Retype all of the listing exactly, with no pictures.
━━ PROVIDED RECORDS
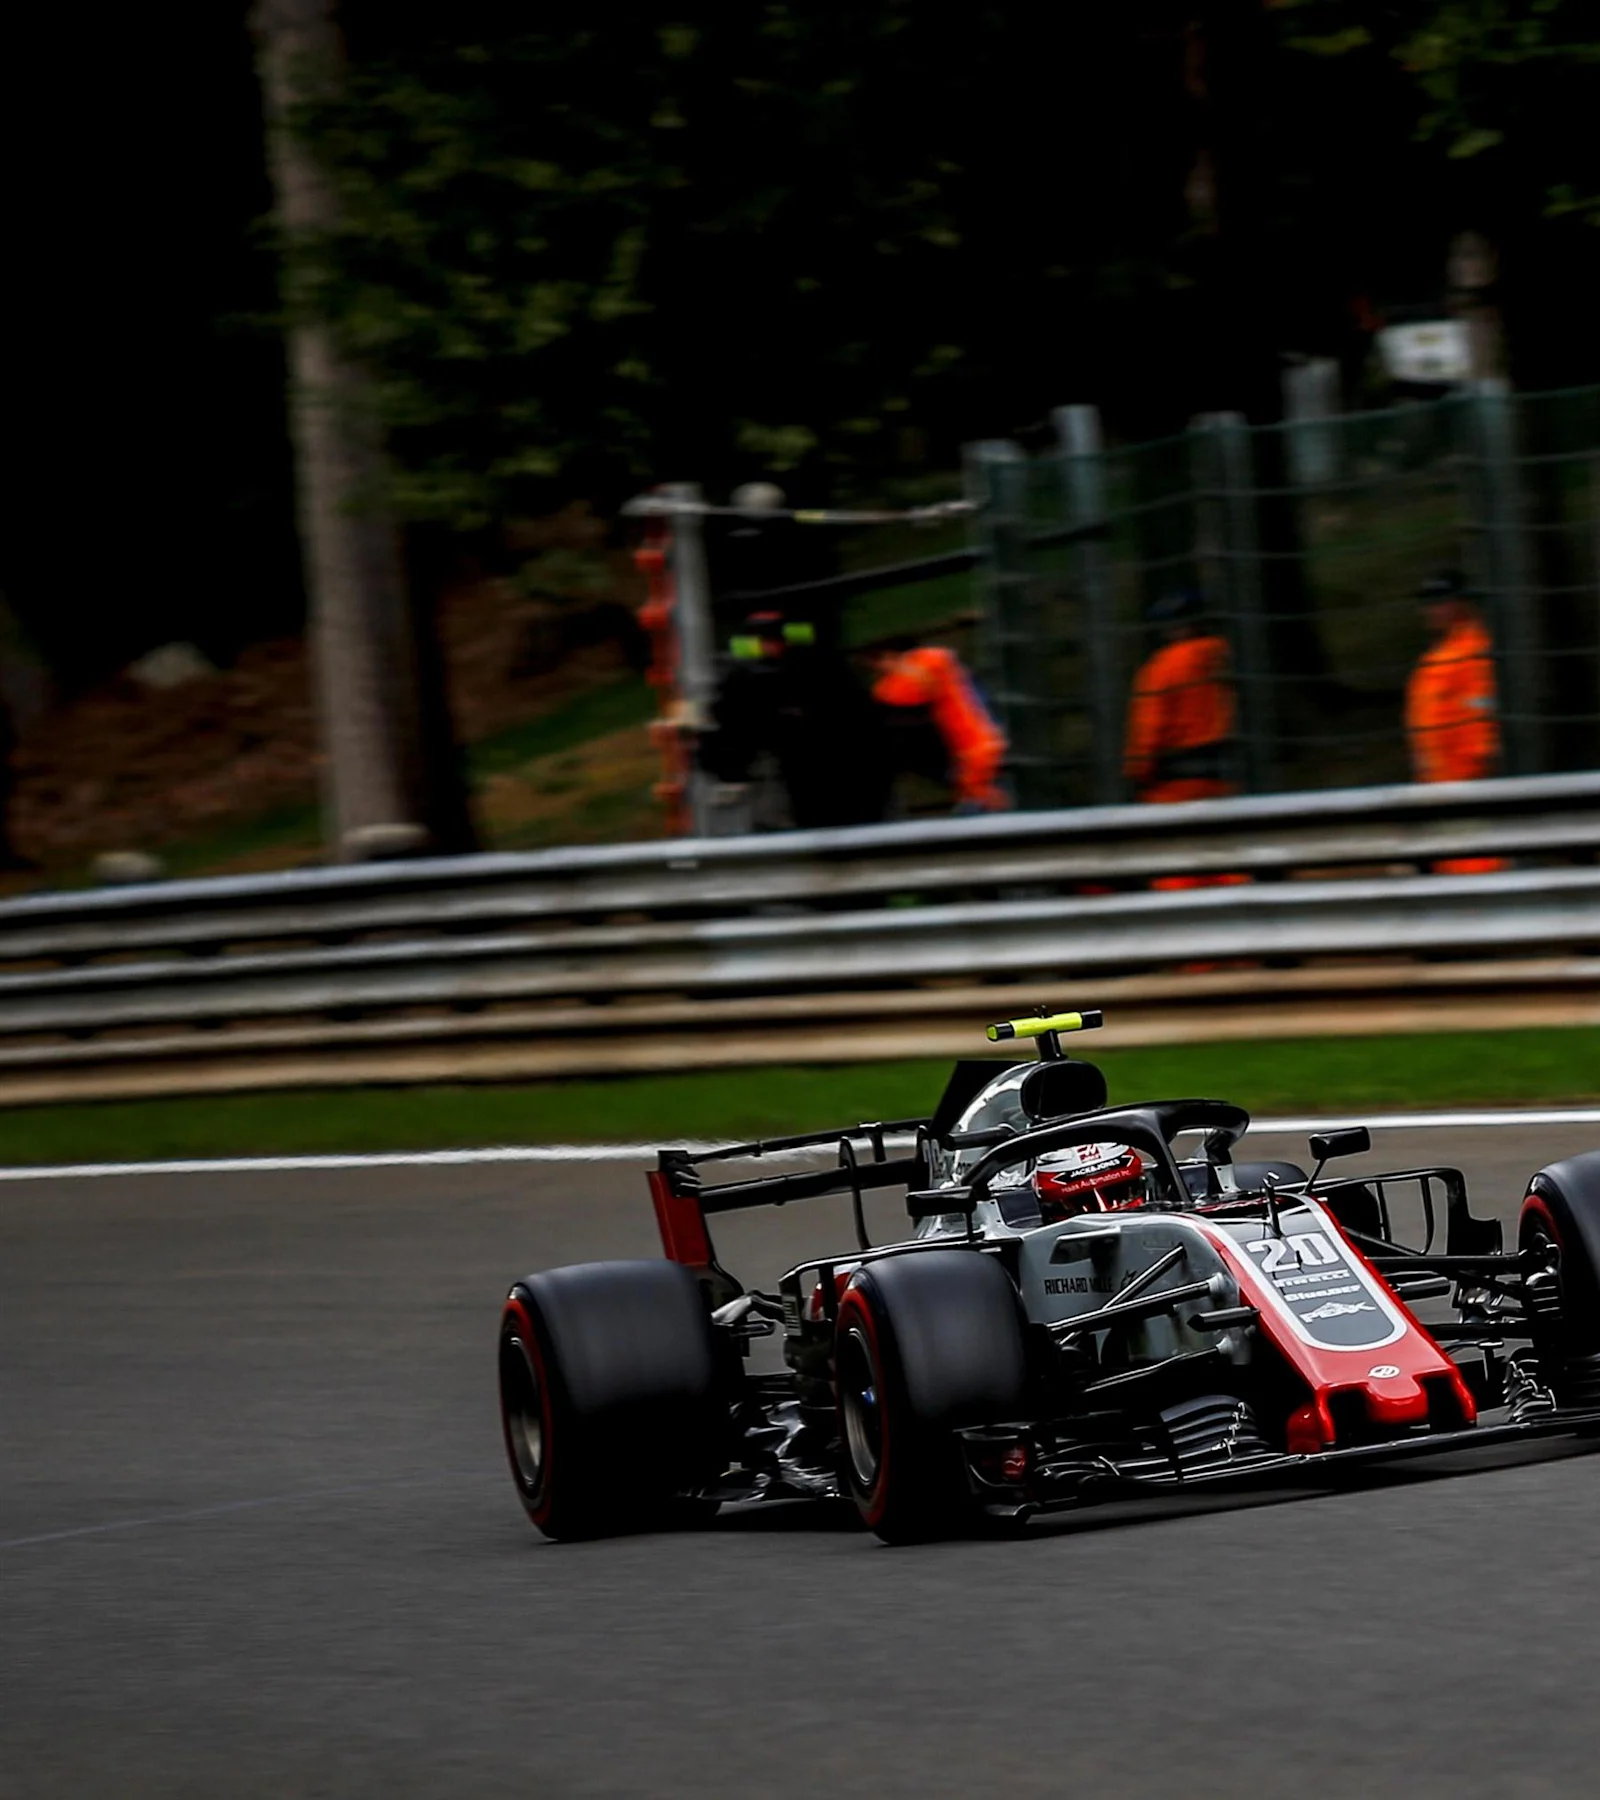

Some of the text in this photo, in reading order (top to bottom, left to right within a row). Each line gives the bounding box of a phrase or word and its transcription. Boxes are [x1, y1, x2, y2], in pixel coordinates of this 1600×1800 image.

[1080, 1171, 1121, 1188] Automation
[1246, 1233, 1340, 1273] 20
[1044, 1277, 1088, 1295] RICHARD
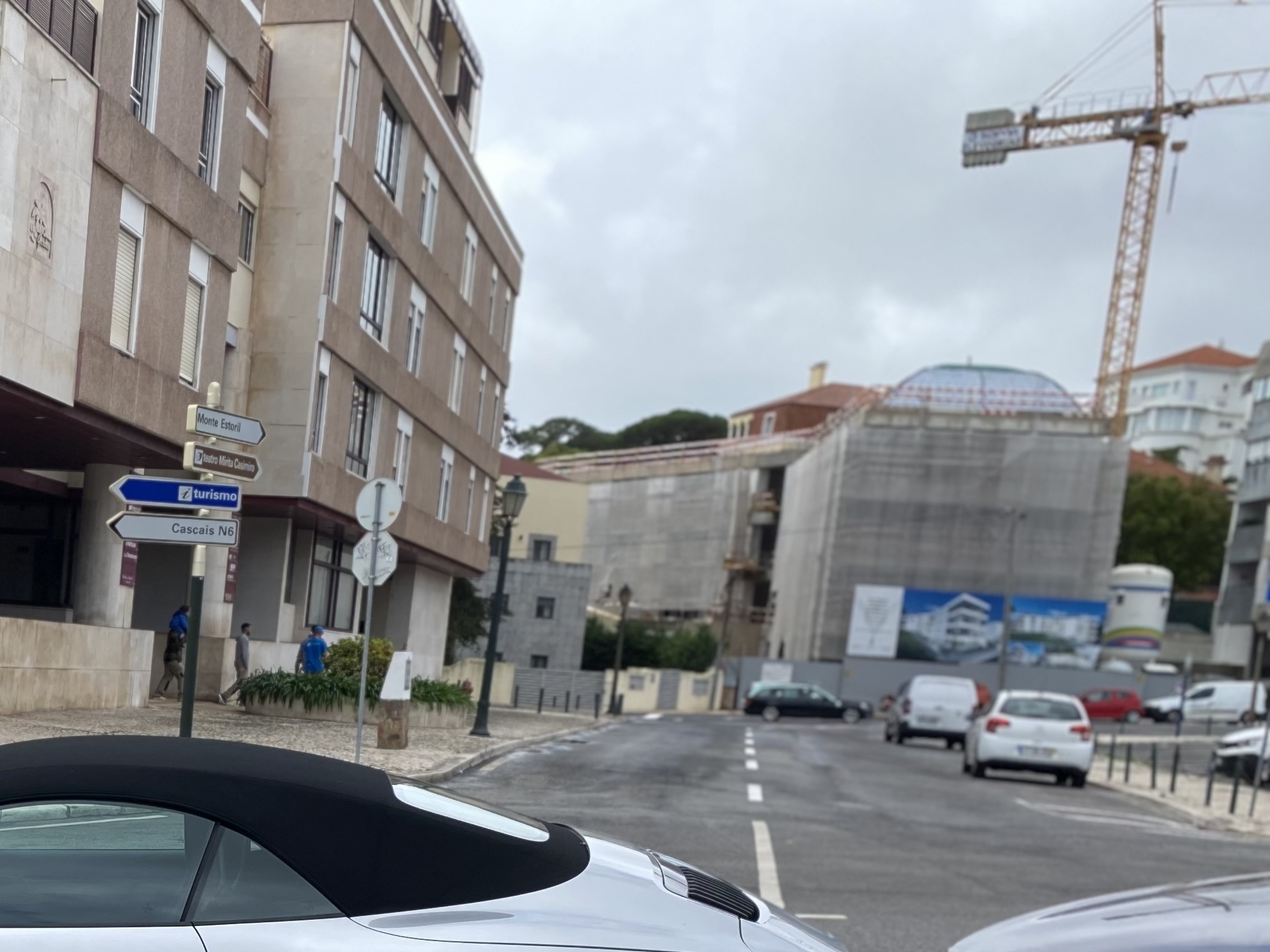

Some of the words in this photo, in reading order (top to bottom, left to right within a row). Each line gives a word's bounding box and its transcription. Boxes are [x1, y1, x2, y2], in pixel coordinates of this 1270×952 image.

[197, 412, 219, 428] Monte
[220, 418, 242, 433] Estoril
[194, 488, 238, 502] turismo
[171, 522, 215, 536] Cascais
[218, 525, 234, 537] N6
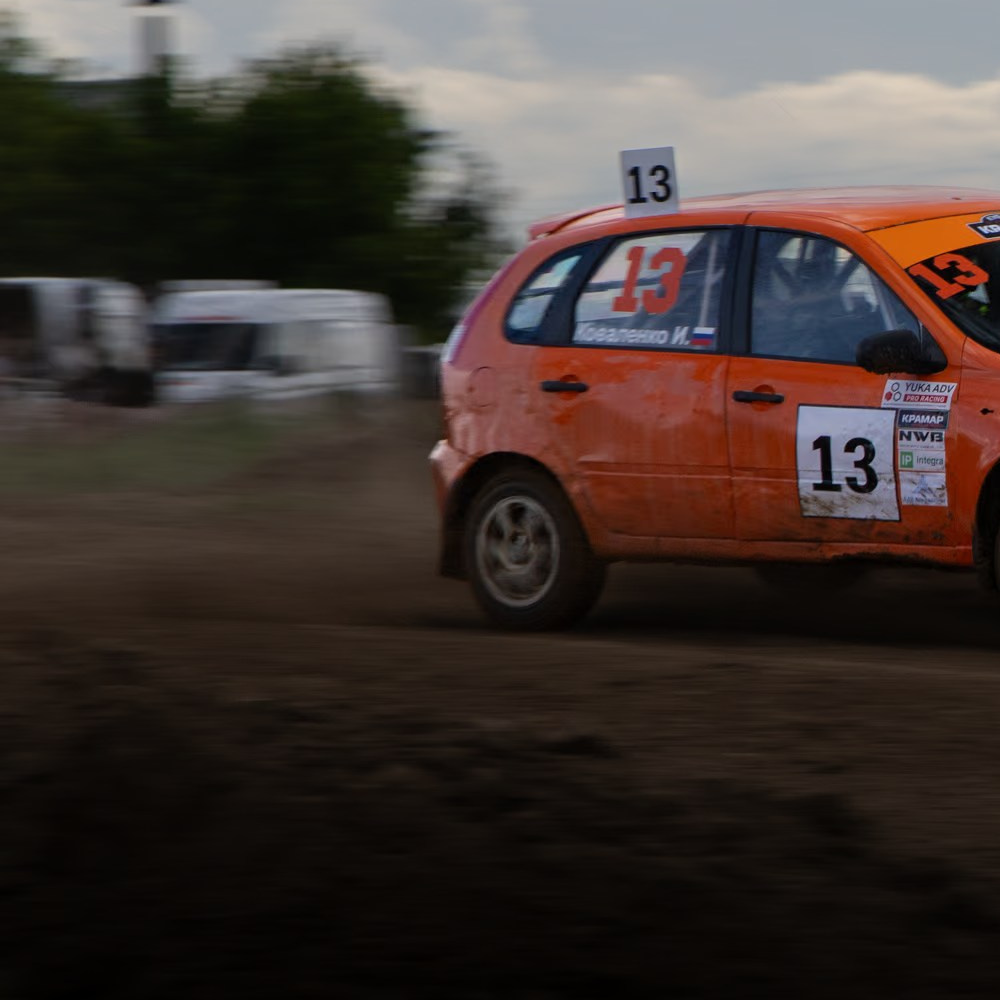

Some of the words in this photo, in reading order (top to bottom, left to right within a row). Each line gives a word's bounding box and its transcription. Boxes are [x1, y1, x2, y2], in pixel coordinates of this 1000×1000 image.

[627, 165, 672, 203] 13
[611, 246, 688, 314] 13
[909, 253, 989, 300] 13
[671, 326, 690, 345] И.
[905, 382, 931, 393] YUKA
[932, 383, 955, 393] ADV
[902, 414, 944, 424] КРАМАР
[900, 430, 943, 442] NWB
[813, 435, 878, 493] 13
[902, 455, 912, 466] IP
[916, 456, 944, 466] integra
━━━━
» **ANSWER TO THE EXERCISE**
Some of the text in this photo, in reading order (top to bottom, left to right within a row). Each line gives the bounding box of a phrase or word and its transcription. Boxes are [x1, y1, x2, y2], in pixel coordinates of this 1600×1800 image.

[1080, 1171, 1121, 1188] Automation
[1246, 1233, 1340, 1273] 20
[1044, 1277, 1088, 1295] RICHARD

Some of the words in this photo, in reading order (top to bottom, left to right within a row). Each line gives a word's bounding box and its transcription. Boxes are [x1, y1, x2, y2], in pixel coordinates of this 1270×952 image.

[197, 412, 219, 428] Monte
[220, 418, 242, 433] Estoril
[194, 488, 238, 502] turismo
[171, 522, 215, 536] Cascais
[218, 525, 234, 537] N6

Some of the words in this photo, in reading order (top to bottom, left to right within a row). Each line gives a word's bounding box and its transcription. Boxes are [x1, y1, x2, y2], in pixel coordinates of this 1000×1000 image.

[627, 165, 672, 203] 13
[611, 246, 688, 314] 13
[909, 253, 989, 300] 13
[671, 326, 690, 345] И.
[905, 382, 931, 393] YUKA
[932, 383, 955, 393] ADV
[902, 414, 944, 424] КРАМАР
[900, 430, 943, 442] NWB
[813, 435, 878, 493] 13
[902, 455, 912, 466] IP
[916, 456, 944, 466] integra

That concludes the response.